_REQUIREMENT_
Carry none of the pictures over; write out the complete data exactly.

_STORED DATA_

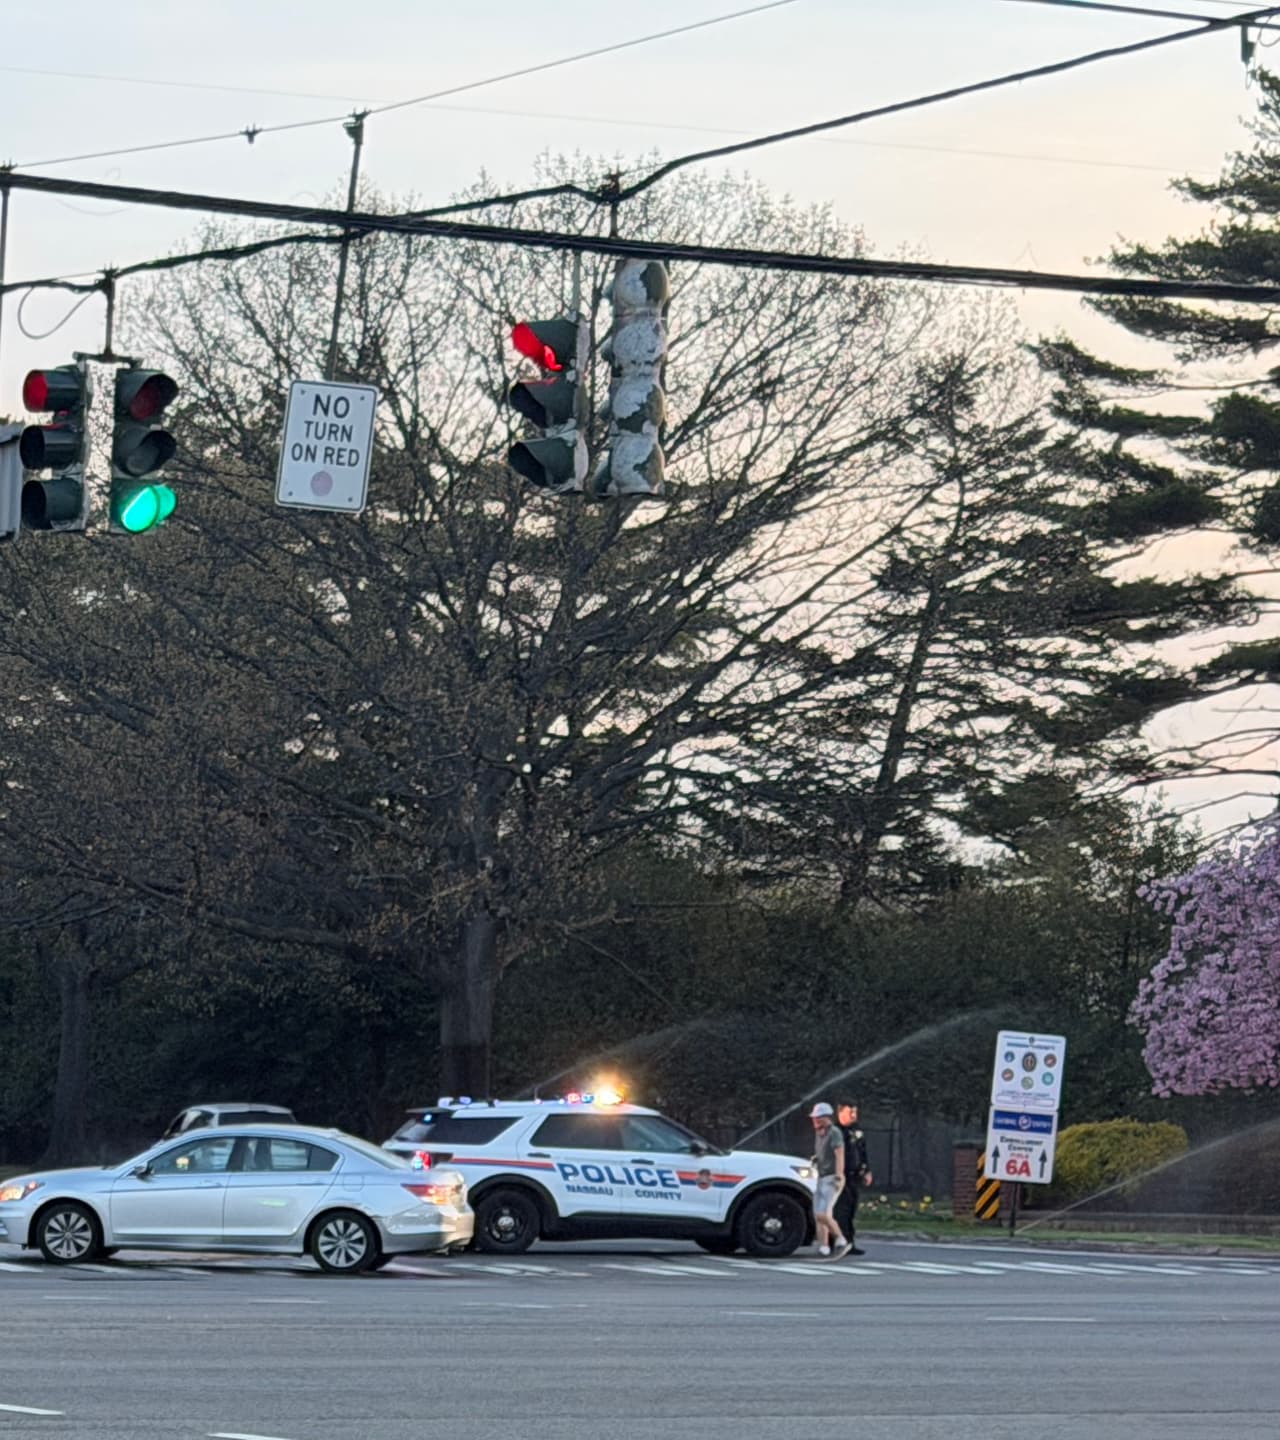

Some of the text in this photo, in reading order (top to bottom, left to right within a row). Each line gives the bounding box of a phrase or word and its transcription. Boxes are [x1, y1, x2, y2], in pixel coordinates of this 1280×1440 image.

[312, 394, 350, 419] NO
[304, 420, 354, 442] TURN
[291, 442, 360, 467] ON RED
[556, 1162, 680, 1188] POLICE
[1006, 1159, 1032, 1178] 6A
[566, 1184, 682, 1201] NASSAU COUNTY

_SOLVED PROBLEM_
Some of the text in this photo, in reading order (top to bottom, left to right within a row). Each line gives the bounding box of a phrase or word and its transcription. Boxes are [x1, y1, x2, y2], in pixel coordinates of this 1280×1440 image.

[312, 394, 350, 419] NO
[304, 420, 354, 442] TURN
[291, 442, 360, 467] ON RED
[556, 1162, 680, 1188] POLICE
[1006, 1159, 1032, 1178] 6A
[566, 1184, 682, 1201] NASSAU COUNTY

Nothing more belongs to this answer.